A word-for-word copy of the records is needed, with every picture left out.

Referring expression grounding data
[Start of section]
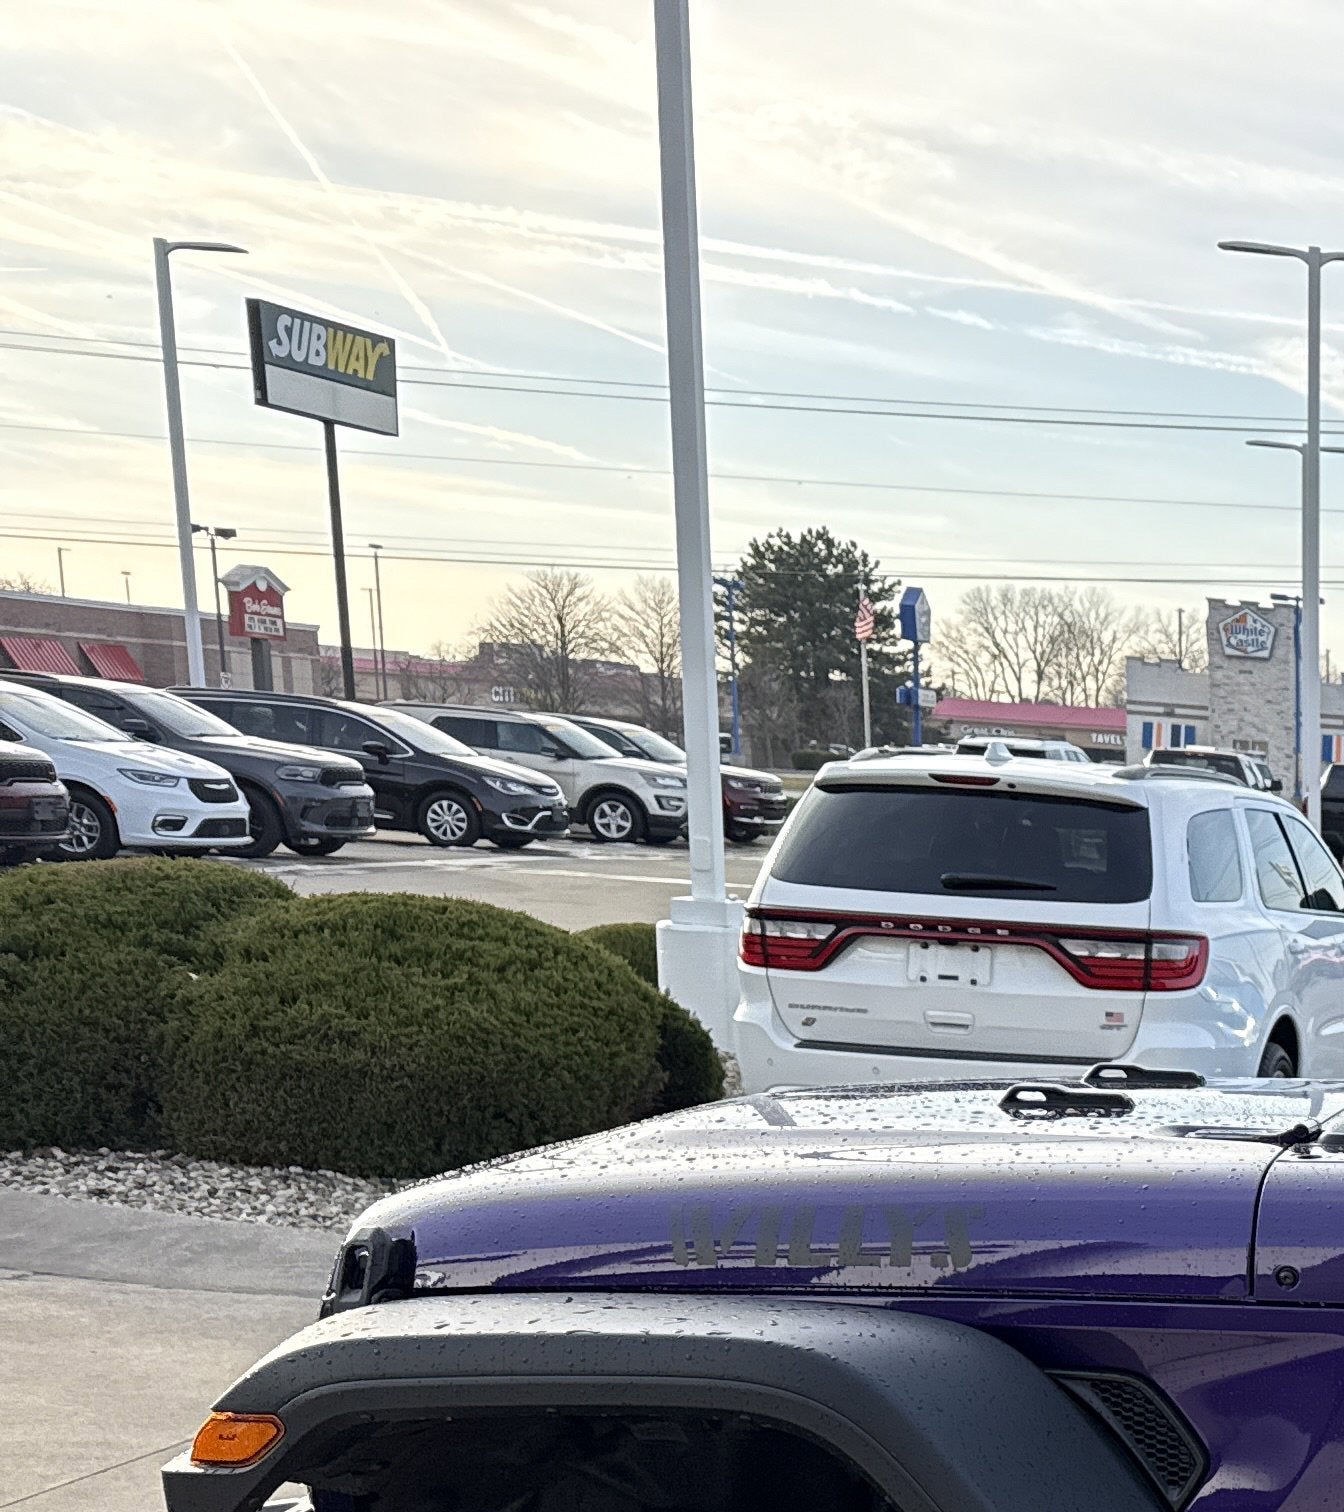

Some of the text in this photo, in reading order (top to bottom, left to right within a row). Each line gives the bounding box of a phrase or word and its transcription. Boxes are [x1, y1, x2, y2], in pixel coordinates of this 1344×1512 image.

[268, 313, 391, 382] SUBWAY
[878, 919, 1010, 935] DODGE
[669, 1201, 986, 1269] WILLYS
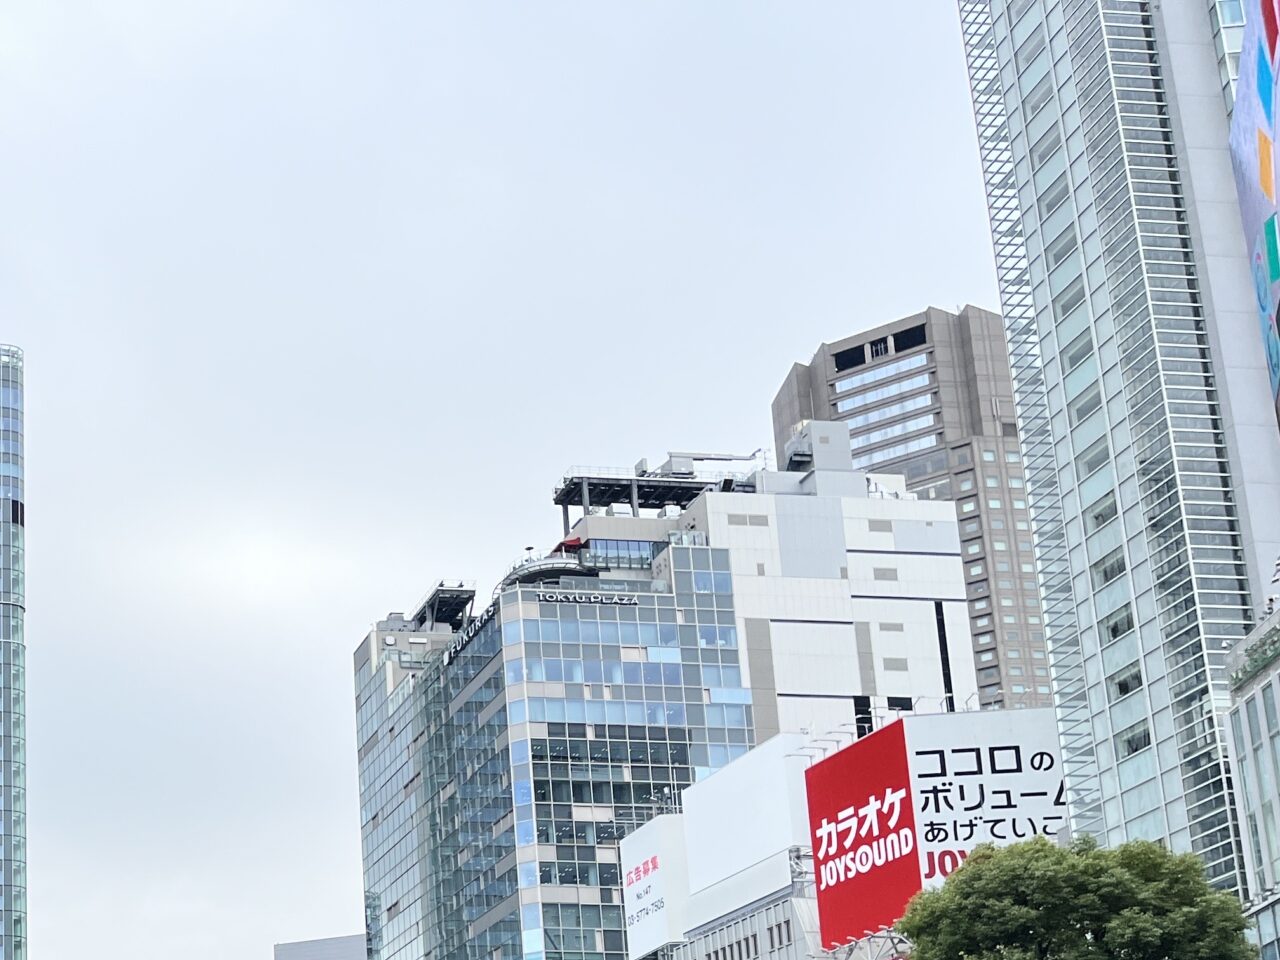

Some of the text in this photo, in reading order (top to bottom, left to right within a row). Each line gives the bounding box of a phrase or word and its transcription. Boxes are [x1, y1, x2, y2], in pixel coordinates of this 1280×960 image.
[End of section]
#### RESPONSE BELOW:
Some of the text in this photo, in reading order (top to bottom, left to right within a row). Each line gives the bounding box of a phrase or word and its transcription. Boxes are [x1, y1, x2, y2], in pixel coordinates of this 1344×1512 image.

[268, 313, 391, 382] SUBWAY
[878, 919, 1010, 935] DODGE
[669, 1201, 986, 1269] WILLYS

Some of the text in this photo, in reading order (top to bottom, left to right within a row). Each line gives the bounding box of a phrase or word and its transcription. Boxes are [x1, y1, x2, y2], in pixel coordinates of this 1280×960 image.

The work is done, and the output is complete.